Сырая рукопись - 5

Куприянов Вячеслав
МЕДВЕЖАНДИЯ-КОСОЛАПЛАНДИЯ

     Версия, касающаяся Медвежандии отличается множеством вариантов. Во всяком случае, я с самого начала отвергаю все те точки зрения, согласно которым Медведь, о котором пойдет речь, был белым.
     Медведь, которого звали Кирилл, в честь братьев Кирилла и Мефодия, сидел в своем медвежьем углу и, видимо, страдал от какой-то медвежьей болезни.
     Здесь его и застали окрестные мужики, под деревом, которое отнюдь не было сандаловым.
     О чем он под деревом думал, было неизвестно, но он был так углублен в свои думы, что не заметил, как мужики взяли его под микитки и отвели в населенный пункт.
     Населенный пункт был невелик, между крайними домами ходил трамвай, но из-за остановок быстрее было ходить пешком, потому население им не пользовалось.
     Для популяризации трамвая кондуктором хотели назначить Кирилла. Так можно было убить сразу двух зайцев, пусть медведь и не волк, но зайцы его тоже должны бояться, и проблема безбилетников будет успешно решена.
     Но Кирилл водить трамвай не умел и к другим хозяйственным работам не был приучен. Возиться с ним не стали и отдали его в райцентр в зверинец.
     В зверинце Кирилл вел себя странно. Все звери, как звери, сидели в клетках и на людей глазели, люди были все разные, занятные, большие деньги платили за то, чтобы зверям показаться. А Кирилл сидел к ним все время задом. Отучить его пытались, но ничего не вышло, невдомек было служителям зверинца, что Кирилл хотел туда же смотреть, что и люди, ведь раз смотрят, значит, что-то там есть интересное.
     Это раздражало людей, но зато известный укротитель нашел это поведение достойным поощрения. Он испросил Кирилла в свое распоряжение.
     Укротитель учил Кирилла в основном ходить на четвереньках. У укротителя это получалось хорошо, у Кирилла же все хуже и хуже. Кирилл уже знал, что укротитель ходит на службу в метро, а в метро на четвереньках не пускают. Кириллу очень хотелось побывать в метро. Прежде ему хотелось смотреть туда, куда все люди смотрят, теперь ему захотелось побывать там, куда все люди ходят.

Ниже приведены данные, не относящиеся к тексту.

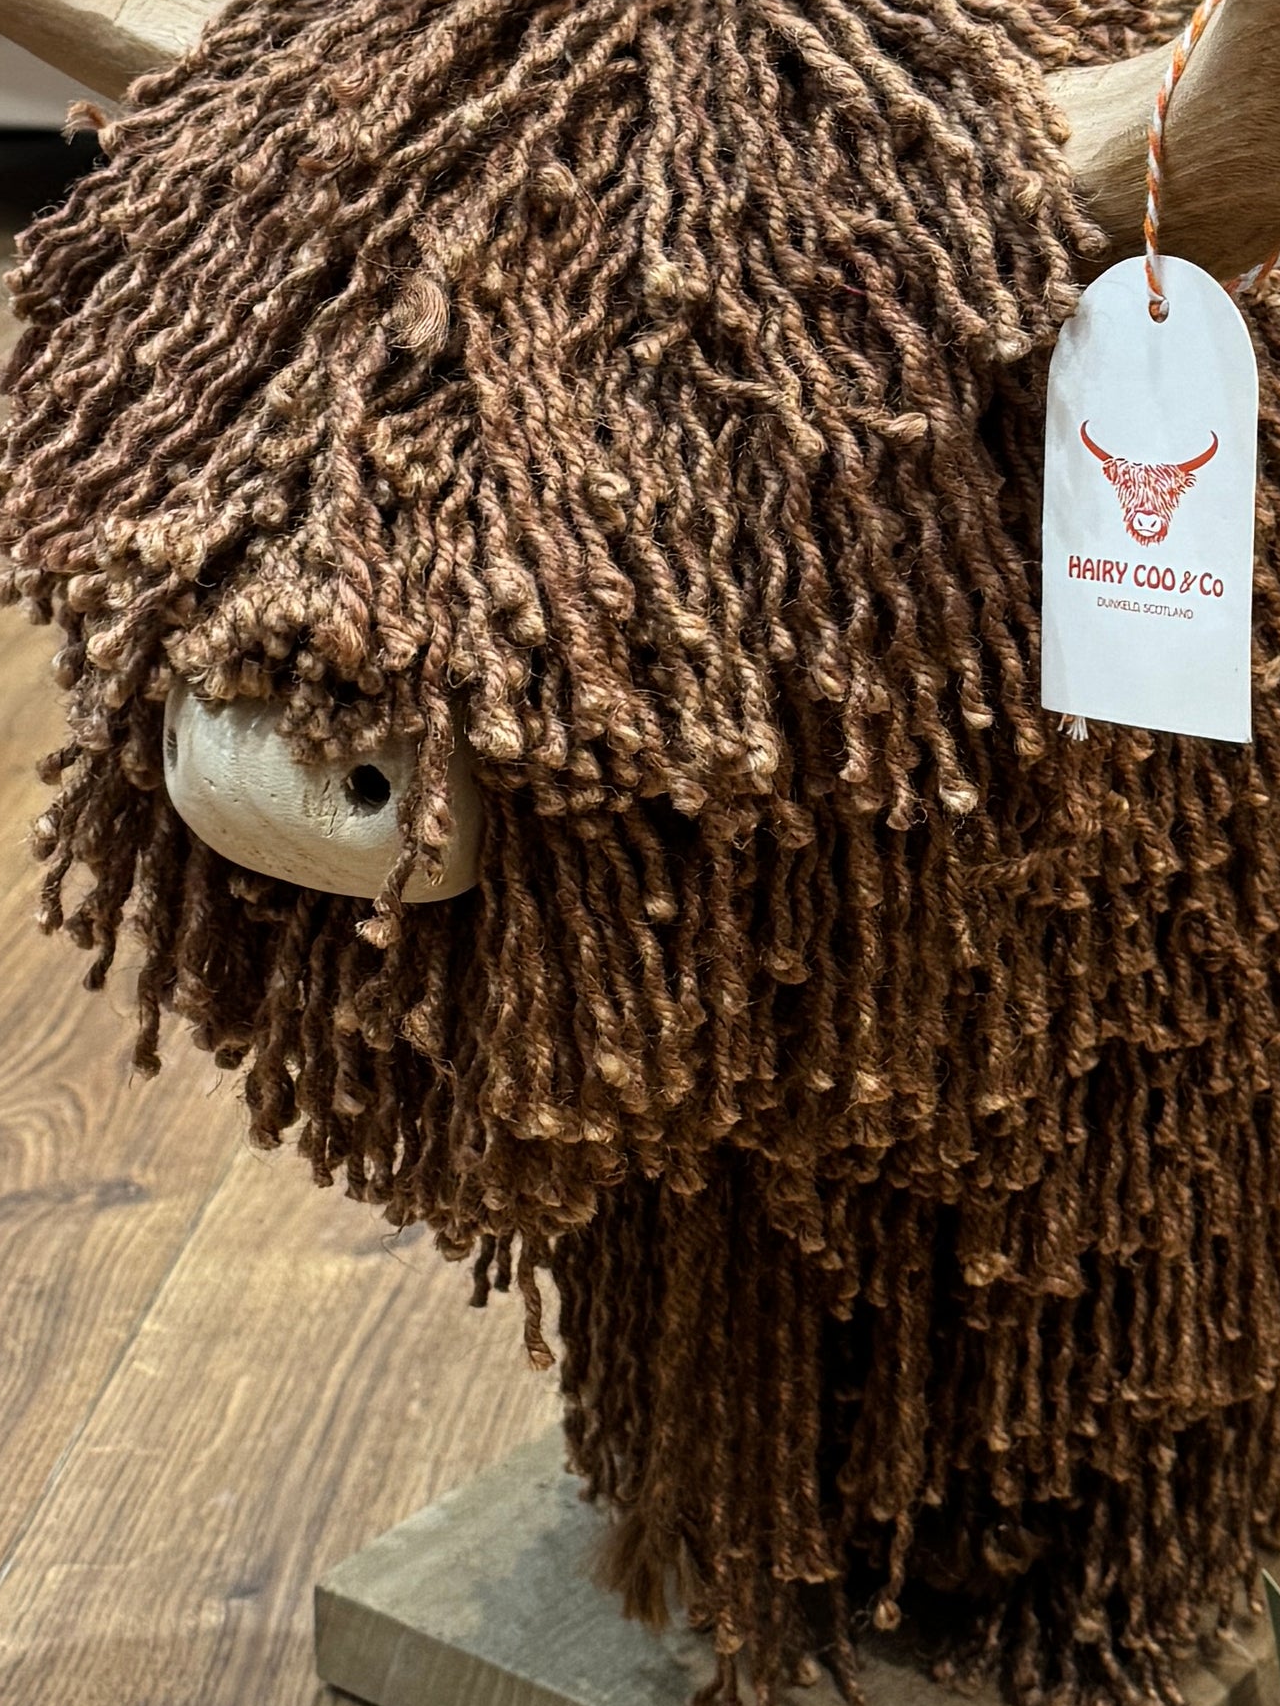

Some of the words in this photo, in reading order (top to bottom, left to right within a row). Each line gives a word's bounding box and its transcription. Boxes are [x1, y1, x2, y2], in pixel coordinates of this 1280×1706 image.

[1068, 555, 1128, 584] HAIRY
[1133, 564, 1176, 591] COO
[1179, 570, 1197, 594] &
[1143, 603, 1194, 620] SCOTLAND
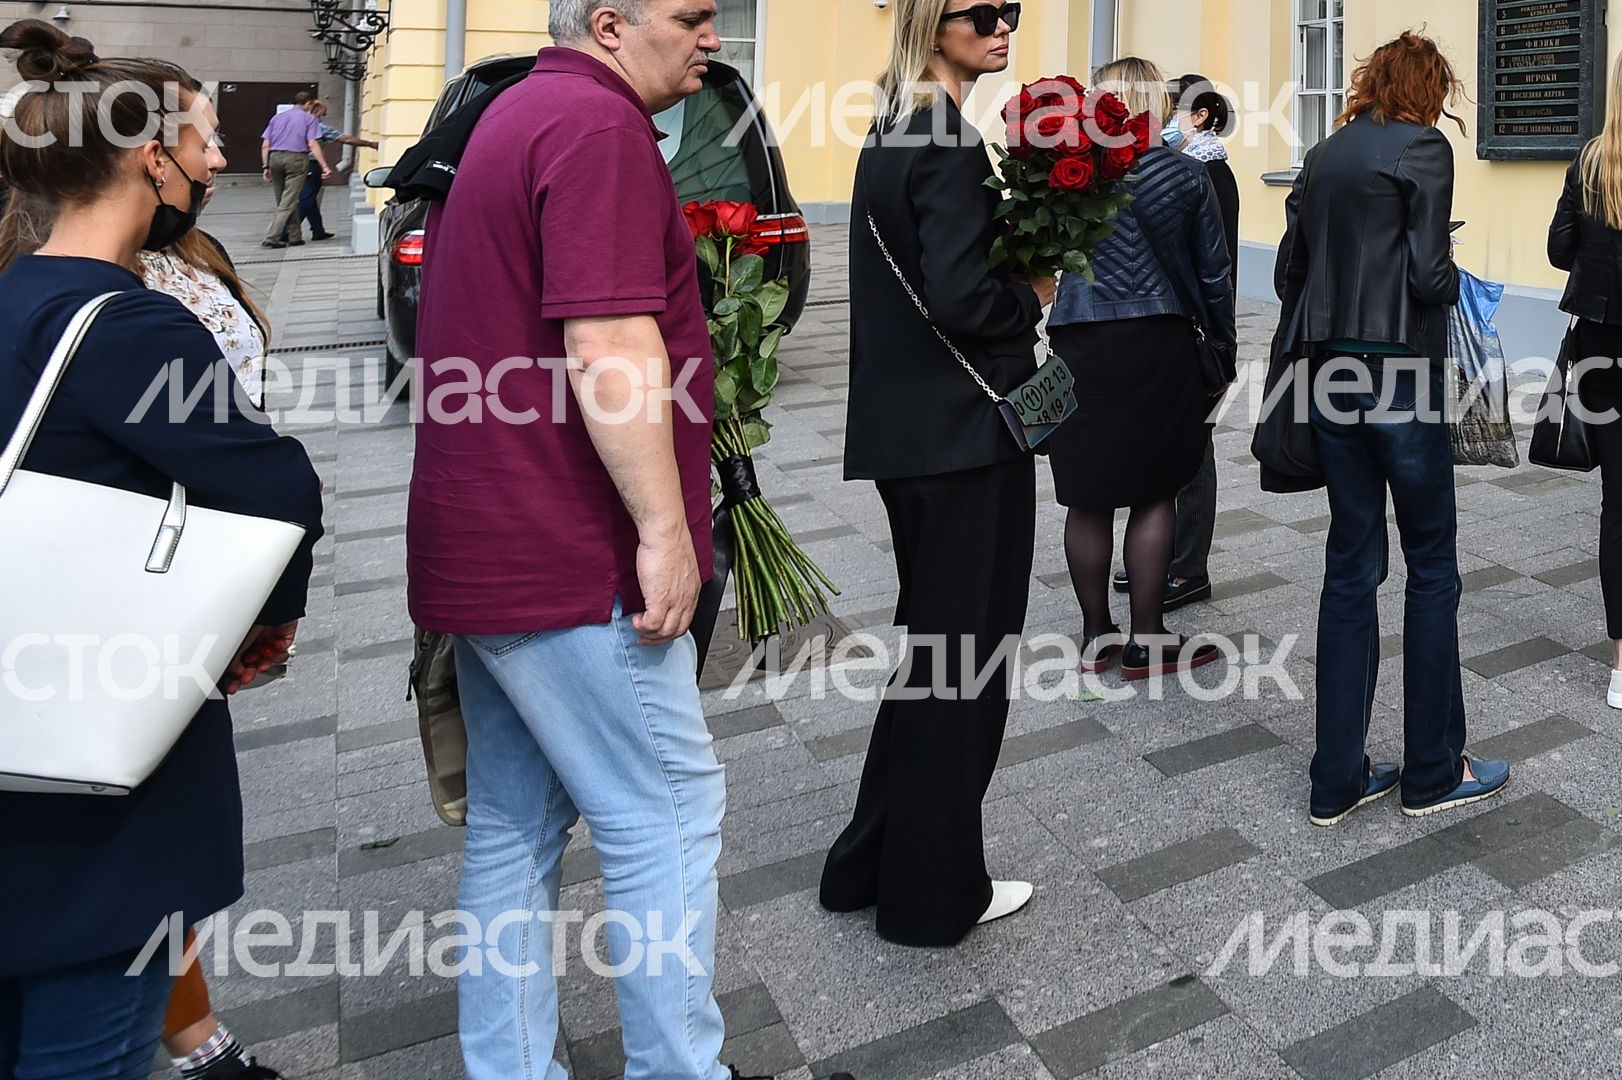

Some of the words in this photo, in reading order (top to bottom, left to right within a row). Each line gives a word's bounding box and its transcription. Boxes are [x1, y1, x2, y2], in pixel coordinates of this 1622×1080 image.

     Когда укротитель засыпал, Кирилл имел обыкновение обувать его домашние тапочки, прошаркивать в них в библиотеку и выискивать книги, где говорится о жизни и деятельности людей. Он прочитал «Жизнь животных» Брема, всего дрессировщика Дурова, и художественное – кое-что из Киплинга и из Милна. В учебнике астрономии прочитал, что есть Большая и Малая Медведицы, ему стало приятно оттого, что у него есть родственники и на небе.
     Но это спокойствие длилось недолго, так как укротитель от отчаяния, что не может сделать из Кирилла человека, стал окончательно спиваться, и первым делом пропил книги, так что Кириллу нечего стало читать. Кирилл с ним за компанию не пил, и укротитель пил один, а последнее время с каким-то карликом, видимо, потому, что пил уже только лежа, и с достаточно подросшим человеком в таком положении неудобно чокаться.
     В конечном счете укротитель пропил Кирилла. Пропил чудовищному человеку, соблазнителю, которому Кирилл понадобился в качестве шкуры для украшения своей берлоги. У него уже висели на стене две шкуры, козлиная и ослиная, но их следовало бы постелить на пол, а на их место поместить шкуру Кирилла.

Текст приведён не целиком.